ギター上達コラム
「調和」を感じて
新生トレモロの定着を目指して奮戦の日々が続いている。このとき、最も気を遣うのは「刻みを纏わない自然のゆらぎ」である。スタートした瞬間から風に乗るトレモロがうまく表現できなければ、メロディーとそれを支える伴奏が美しい旋律となって調和し力強いエネルギーとなって曲を最後まで引っ張っていっていくことはできないからだ。
「調和」が最も求められるはずの「アルハンブラの思い出」の演奏において、これまでの演奏では自分の理想とする「トレモロ」を弾くことに追われ、「調和」を意識するところまでいっていなかったと言える。実に片手落ちの演奏だったわけだが、しょげている場合ではない。
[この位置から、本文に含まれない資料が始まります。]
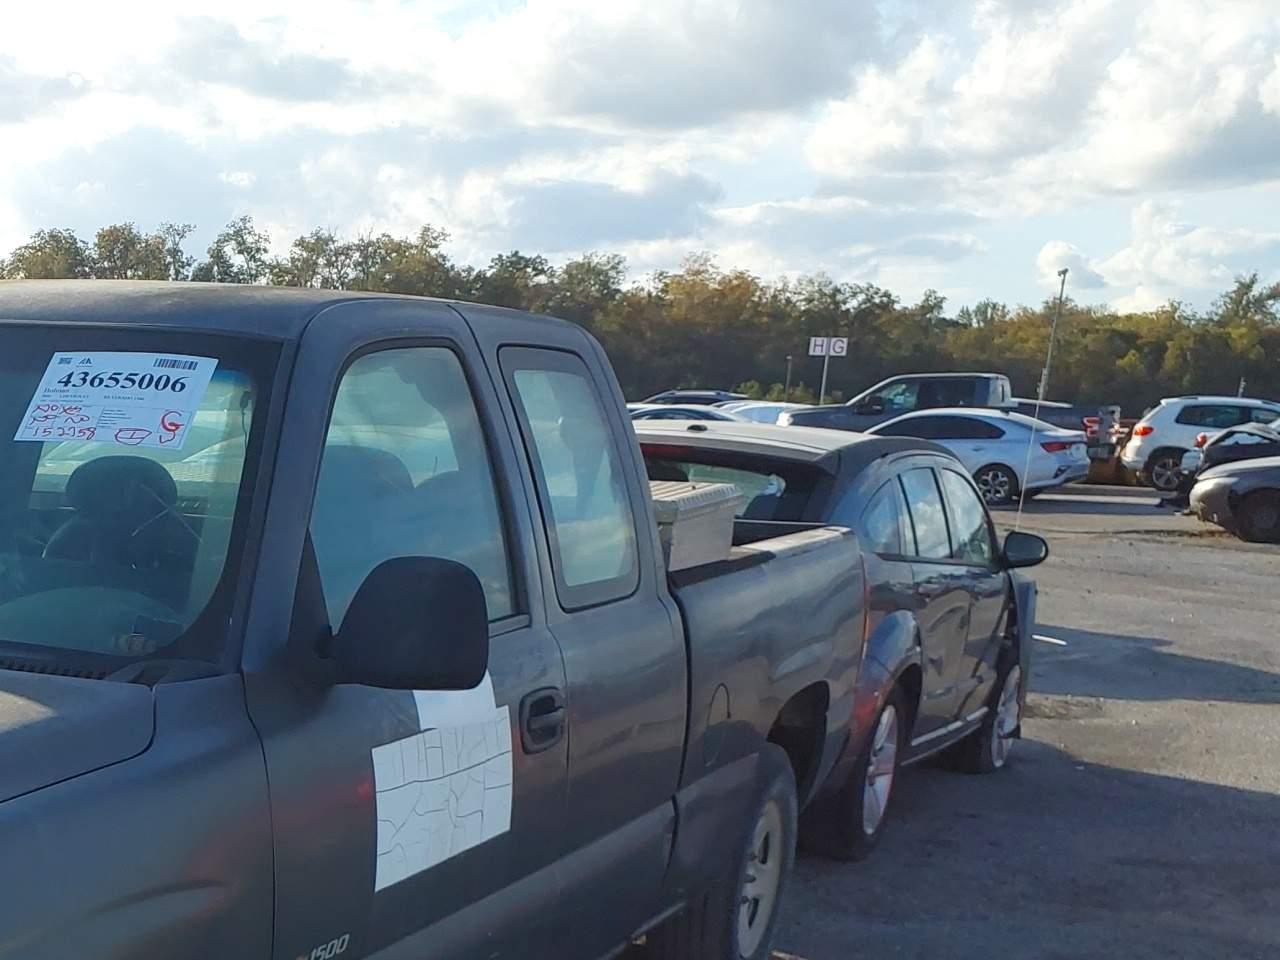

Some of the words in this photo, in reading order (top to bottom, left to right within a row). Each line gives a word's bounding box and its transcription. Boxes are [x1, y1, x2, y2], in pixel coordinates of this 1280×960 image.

[813, 338, 825, 353] H
[832, 338, 845, 354] G
[57, 370, 192, 393] 43655006
足りなかったことの発見を有難い気づきとして前に進むだけだ。
スタートから風に乗るトレモロの感覚は、「どの曲においても言えることだろうか?」これまで弾いてきたあらゆる曲に対してこれと同じ考え方が当てはまるのかどうかが気になりはじめ、「調和」に対するより深い関心・探求心となって私の心を支配するようになった。新たな検証の始まりである。
9月以来の検証の印象では、演奏する脳内に「オーケストラ」のイメージを持って弾くときが、「調和」を感じる感覚に最も近い気がしている。「オーケストラ」を意識した演奏では、「歌うように弾く」ことが自然になるからなのかもしれない。まるで、意志を持った「6本の糸」が、メロディーと伴奏を絶妙に調和させながら物語を牽引しているような雰囲気を醸しだす。
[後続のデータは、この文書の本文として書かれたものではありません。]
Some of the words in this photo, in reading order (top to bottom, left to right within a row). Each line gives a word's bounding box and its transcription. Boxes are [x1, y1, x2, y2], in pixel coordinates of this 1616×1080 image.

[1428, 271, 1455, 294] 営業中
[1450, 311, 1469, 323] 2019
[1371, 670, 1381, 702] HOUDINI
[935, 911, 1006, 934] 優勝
調和を感じながら弾く演奏になると、これまでの舞台演奏で感じていた「重苦しい感覚」がなくなった。求めるスピードに自在に乗れる心地よい解放感が、自由で軽やかな演奏を可能にしたのだろう。
新生トレモロから派生したこれらの効果は、これまでに弾いてきたどの曲においても生かせることを実感している。一つの技術の獲得が、これ程の影響を与えることになるとは、私自身想像もしなかったことである。
また、「スタートへの意識」がより明確になったことも嬉しい変化の一つである。
物事を推し進めるに当たって「初め良ければ・・・」や「全てはスタートで決まる」等はよく使われる言葉だ。演奏においても、スタートの一音がその後の演奏を決定してしまう。
「こんな曲だったのですね? 別の曲なのかと思ってしまうほど違いますね」そう言う生徒さんの感想には苦笑いするしかないが、それはある意味嬉しい感想でもある。
「重苦しさ」から解放され、自由になった心で演奏すると、弾いている方も以前とは違う物語が浮かんでくる。違って聴こえるのは当然のことだろう。
「調和」を感じながら演奏する自身の内的環境をさらに磨いていくことで、これからの演奏がますます楽しくなりそうだ。